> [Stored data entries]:
┏━━

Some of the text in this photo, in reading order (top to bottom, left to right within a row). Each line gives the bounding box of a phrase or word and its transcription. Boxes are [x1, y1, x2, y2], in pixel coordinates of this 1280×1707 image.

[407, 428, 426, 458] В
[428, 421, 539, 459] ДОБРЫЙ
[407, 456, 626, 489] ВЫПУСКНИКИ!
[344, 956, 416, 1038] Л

┗━━

Each record must appear again, word for word.

Some of the text in this photo, in reading order (top to bottom, left to right within a row). Each line gives the bounding box of a phrase or word and its transcription. Boxes are [x1, y1, x2, y2], in pixel coordinates of this 1280×1707 image.

[407, 428, 426, 458] В
[428, 421, 539, 459] ДОБРЫЙ
[407, 456, 626, 489] ВЫПУСКНИКИ!
[344, 956, 416, 1038] Л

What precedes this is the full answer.